The obligate intracellular growth of Chlamydia requires the organisms to intimately interact with host cells. Secretion of chlamydial proteins into host cells is necessary for chlamydial organisms to ensure a safe intracellular niche for completing biosynthesis and producing progenies. Identifying chlamydial proteins that are secreted into host cell cytoplasm has been a productive approach for understanding chlamydial pathogenic mechanisms [20, 22–31]. In the current study, we characterized the chlamydial serine protease cHtrA by localizing its intracellular distribution. We have presented convincing evidence that cHtrA is secreted out of the chlamydial organisms into both chlamydial inclusion lumen and cytosol of the infected cells. First, both the cHtrA fusion protein-specific polyclonal and monoclonal antibodies detected intracellular secretion patterns distinct from those of CPAF, another secreted serine protease by chlamydial organisms. The cytosolic signals were confirmed using inclusion membrane as a reference and under a confocal microscope. Second, the antibody labeling of cHtrA was removed by absorption with the cHtrA but not CPAF fusion proteins while the labeling of CPAF was removed by CPAF but not cHtrA fusion proteins, indicating that there was no cross-reactivity between anti-cHtrA and anti-CPAF antibodies. Third, in a Western blot with both HeLa alone and Chlamydia-infected whole cell lysates as antigens, the anti-cHtrA fusion protein antibodies detected a major protein band migrated at the molecular position expected for cHtrA, demonstrating that the anti-cHtrA antibodies specifically recognized the endogenous cHtrA without cross-reacting with any other cellular or chlamydial proteins. Fourth, the cytosolic cHtrA signals are likely due to active secretion but not passive leaking of cHtrA since various other abundant periplasmic proteins were not detected in the host cell cytosol. Finally, secretion of cHtrA into host cell cytosol was detected 24 h after infection while CPAF secretion occurred at 16 h after infection. Secretion of cHtrA was detected in most chlamydial species but not C. psittaci. These results together suggest that cHtrA secretion into host cell cytosol is a specific process and the secreted cHtrA may play an important role in chlamydial pathogenesis.

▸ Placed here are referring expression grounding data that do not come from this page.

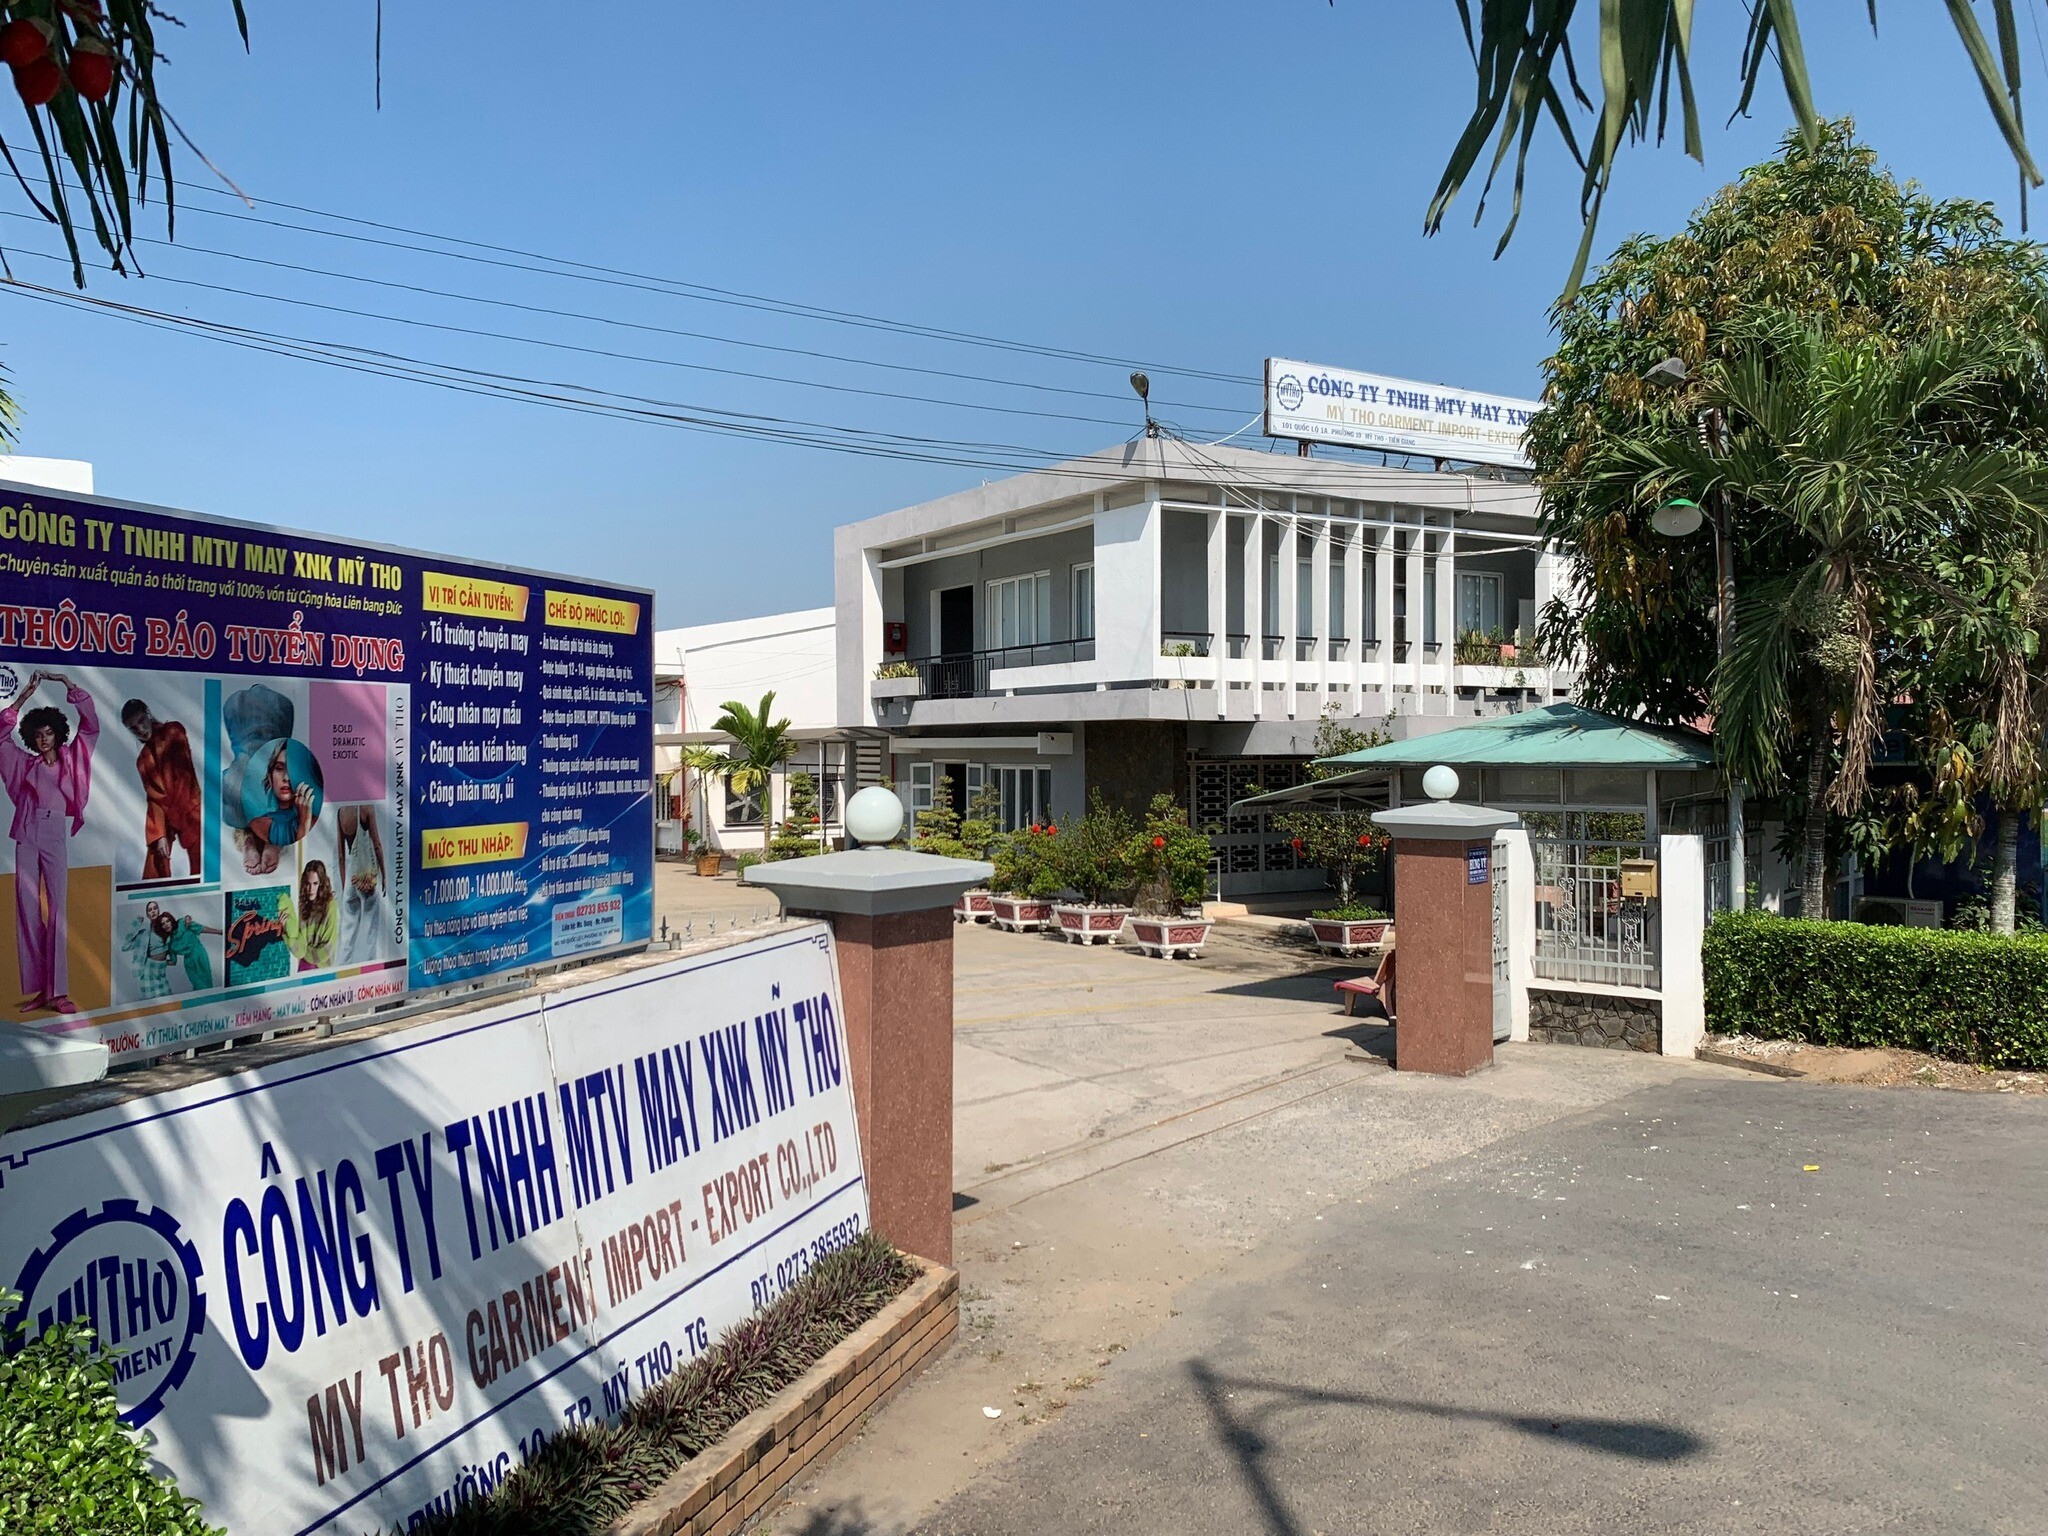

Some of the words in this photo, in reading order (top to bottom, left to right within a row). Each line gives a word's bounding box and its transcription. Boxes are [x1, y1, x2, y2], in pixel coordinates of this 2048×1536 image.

[1308, 373, 1354, 399] CÔNG
[1359, 384, 1379, 403] TY
[1386, 389, 1430, 411] TNHH
[1434, 396, 1466, 416] MTV
[1471, 402, 1501, 422] MAY
[1351, 408, 1375, 425] THO
[1379, 412, 1434, 434] GARMENT
[0, 503, 76, 547] CÔNG
[84, 518, 114, 552] TY
[121, 524, 185, 562] TNHH
[192, 535, 238, 569] MTV
[244, 543, 288, 575] MAY
[293, 550, 333, 582] XNK
[338, 556, 366, 586] MỸ
[370, 563, 402, 592] THO
[0, 553, 50, 577] Chuyên
[53, 559, 76, 578] sản
[79, 561, 108, 582] xuất
[110, 565, 142, 588] quần
[144, 570, 159, 588] áo
[161, 572, 184, 591] thời
[186, 576, 218, 598] trang
[219, 580, 235, 597] với
[237, 582, 265, 600] 100%
[267, 584, 285, 602] vốn
[286, 587, 299, 603] từ
[299, 591, 323, 609] Cộng
[324, 595, 341, 608] hòa
[343, 595, 361, 611] Liên
[362, 598, 384, 617] bang
[385, 600, 403, 616] Đức
[429, 585, 440, 608] VỊ
[442, 584, 457, 605] TRÍ
[459, 582, 481, 608] CẦN
[483, 586, 514, 612] TUYỂN:
[548, 598, 568, 619] CHẾ
[569, 601, 583, 625] ĐỘ
[585, 605, 608, 624] PHÚC
[0, 597, 136, 654] THÔNG
[145, 609, 217, 660] BÁO
[224, 610, 324, 666] TUYỂN
[331, 634, 405, 677] DỤNG
[430, 616, 443, 644] Tổ
[444, 622, 475, 652] trưởng
[477, 625, 509, 654] chuyền
[510, 635, 529, 656] may
[430, 660, 442, 689] Kỹ
[444, 662, 470, 690] thuật
[471, 662, 504, 692] chuyền
[505, 670, 524, 693] may
[332, 724, 353, 733] BOLD
[429, 700, 455, 729] Công
[457, 701, 480, 724] nhân
[482, 707, 501, 729] may
[502, 700, 522, 725] mẫu
[332, 737, 366, 746] DRAMATIC
[332, 750, 359, 759] EXOTIC
[429, 740, 455, 768] Công
[457, 740, 480, 763] nhân
[482, 735, 504, 763] kiểm
[505, 740, 527, 766] hàng
[396, 761, 404, 788] XNK
[429, 780, 454, 807] Công
[457, 779, 480, 802] nhân
[482, 783, 503, 804] may,
[505, 775, 514, 799] ủi
[396, 791, 404, 818] MAY
[396, 821, 404, 848] MTV
[428, 836, 455, 860] MỨC
[458, 838, 478, 857] THU
[481, 832, 513, 857] NHẬP:
[396, 851, 404, 887] TNHH
[396, 890, 404, 905] TY
[433, 875, 470, 904] 7.000.000
[476, 870, 514, 898] 14.000.000
[394, 908, 404, 944] CÔNG
[106, 1030, 140, 1054] TRƯỞNG
[213, 1016, 230, 1031] MAY
[276, 1003, 291, 1018] MAY
[310, 994, 328, 1011] CÔNG
[329, 990, 346, 1007] NHÂN
[357, 985, 374, 1000] CÔNG
[374, 981, 391, 996] NHÂN
[391, 980, 404, 993] MAY
[223, 1141, 381, 1371] CÔNG
[374, 1131, 442, 1295] TY
[444, 1091, 564, 1261] TNHH
[558, 1063, 633, 1210] MTV
[634, 1040, 701, 1174] MAY
[700, 1021, 760, 1144] XNK
[754, 981, 795, 1117] MỸ
[793, 991, 841, 1098] THO
[750, 1273, 775, 1311] ĐT:
[306, 1370, 367, 1487] MY
[378, 1331, 455, 1440] THO
[465, 1247, 597, 1390] GARMENT
[601, 1198, 687, 1309] IMPORT
[701, 1153, 774, 1247] EXPORT
[112, 1337, 173, 1386] MENT
[602, 1358, 630, 1418] MỸ
[635, 1341, 673, 1390] THO
[684, 1317, 709, 1357] TG

HtrA is a highly conserved serine protease present in the ER of eukaryotic and periplasmic space of bacterial cells. However, there has been no report on its secretion outside of eukaryotic or bacterial cells. Secretion of cHtrA out of chlamydial organisms may represent a unique feature Chlamydia has evolved during its interactions with host cells. A sec-dependent pathway may play an important role in exporting cHtrA into host cell cytosol since the N-terminal leader peptide of cHtrA is functional and the secretion is not inhibitable by a type III secretion inhibitor. However, The sec-dependent pathway can only translocate cHtrA into the periplasmic region. It is still unknown how the periplasmic cHtrA passes through the outer membrane to enter the chlamydial inclusion lumen and further into host cell cytosol. The same challenge also applies to the secretion of CPAF. A sec-dependent pathway is necessary for CPAF secretion . Similarly, how the periplasmic CPAF crosses the outer membrane remains unclear. Since CPAF was detected in granules in the lumen of inclusions during the early stage of chlamydial intracellular growth, an outer membrane vesicular budding model has been proposed for CPAF secretion into host cell cytosol , which may also be suitable for the secretion of cHtrA (Figure 8). Evidence for supporting this hypothesis comes from the observation that cHtrA-laden granules/vesicles that are free of chlamydial organisms were readily detected in the chlamydial inclusions. Although it remains to be determined how exactly cHtrA or CPAF is secreted out of the organisms and into host cell cytosol, as more effector molecules are identified, more tools will be available for figuring out the secretion pathways Chlamydia has evolved for exporting virulence factors.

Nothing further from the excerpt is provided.